Álvaro calló un momento. Lo había pensado ya; lo pensó él esta madrugada, pero ahora que lo oía en otros labios se le antojaba un contrasentido.

Fuera como fuera, en eso acertaba tío Enrique. Marcela no podía volver a La Sagreira.

—No se puede disponer así de las personas.

—¡Trueno!, habría que oírlo. ¡Trueno!, tú eres tonto.

Don Enrique dudaba de sus oídos; menuda cosa iba a argumentar. Qué más quería la muchacha.

—Tío Enrique, ya que estamos hablando claro, y perdona si te duele, ¿por qué me aconsejas esta boda a mí, y en cambio a Miguel…?

Don Enrique volvió los ojos a la ventana. Le tembló la barba.

—O me has mentido, o Marcela es decente.

—La Saruca también lo fue —generosamente, Álvaro abogaba por Miguel.

—Has dicho bien; lo fue.

Un gran silencio se hizo en el cuarto. Don Enrique pensó en el hijo que ayer, entre el bullicio de la fiesta, desapareció y aún no habría vuelto.

Álvaro pensó en Marcela. Tío Enrique le había ayudado a ver claro; le estaba agradecido. Había que pensar en ella, lo primero de todo en ella.

—Tío Enrique, ¿y si se lo dijéramos a tía Lucía?

—Allá tú. Si no te importa…

Doña Lucía se quedó asombrada.

—¡Virgen Santísima! ¡Virgen Santísima! Álvaro se impacientó. Procuraba callar, aunque tenía ganas de defender su sentimiento, y con él, a Marcela.

Doña Lucía no pudo evitar la mordedura de los celos; aquella mocosa llevándose al hombre que correspondía a su hija; sí, a la que ya no podía defenderse. Una criada… Tuvo que admitir que parecía distinta de las otras. Lucía dijo que era buena y sumisa. Álvaro estaba viejo. ¡Jesús, qué disparate! Si ella dispusiera de tiempo. El tiempo es el gran aliado.

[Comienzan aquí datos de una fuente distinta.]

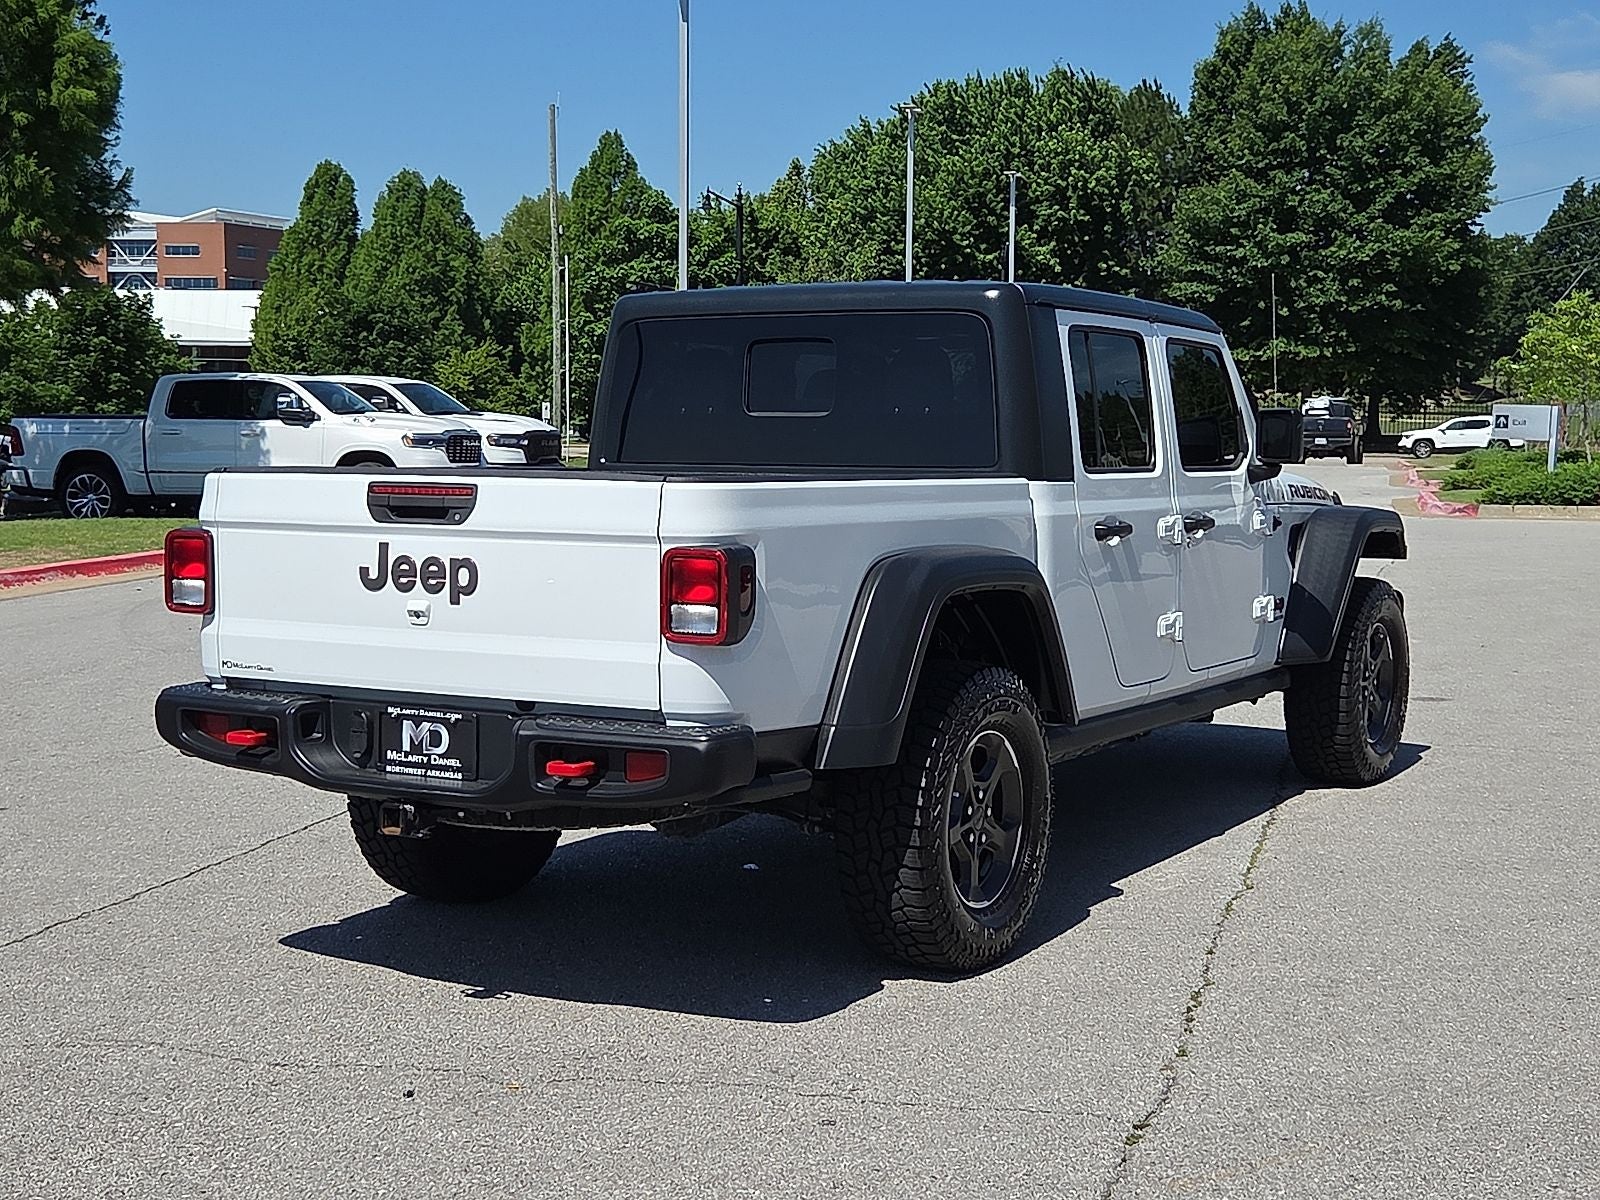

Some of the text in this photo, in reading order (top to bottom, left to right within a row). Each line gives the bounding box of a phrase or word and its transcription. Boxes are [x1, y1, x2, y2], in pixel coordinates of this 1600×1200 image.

—Lo primero de todo, creo yo, lo que dice Enrique. —Don Enrique abrió las manos en un gesto que decía: «¿Ves?»

—… separar a Marcela.

—¿Aquí?

Doña Lucía, de dejarse llevar del genio hubiera contestado de malos modos.

—Aquí no se adelanta nada, ya hemos quedado en eso. ¿Qué años tiene?

—Debe de andar por los diecisiete o dieciocho —dijo Álvaro. Y le dio vergüenza el decirlo.

«¡Diantre!», pensó en su interior don Enrique, con zumba.

—Pues, hijo, entonces lo indicado, mientras sea menor, es un colegio.

—¿Un colegio, tan crecida? ¿Con qué disculpa?

—Si cabe la posibilidad de que llegue a ser tu mujer, buena falta le hará. Si no, a la salida ya la buscaremos acomodo. Aquí no la puedo tener, ya se te alcanza. Y como dices bien, tan joven y tan ignorante por ahí… No quiero que me pese en la conciencia si se desgracia.

—¿Qué contestas, sobrino?

—Es Marcela quien tiene que contestar.

—A Marcela se le dice lo que tiene que hacer, y en paz. Ya hablaré yo con Ermitas —dijo doña Lucía.

—Espera. —Álvaro se había puesto pálido—. Espera, tía Lucía.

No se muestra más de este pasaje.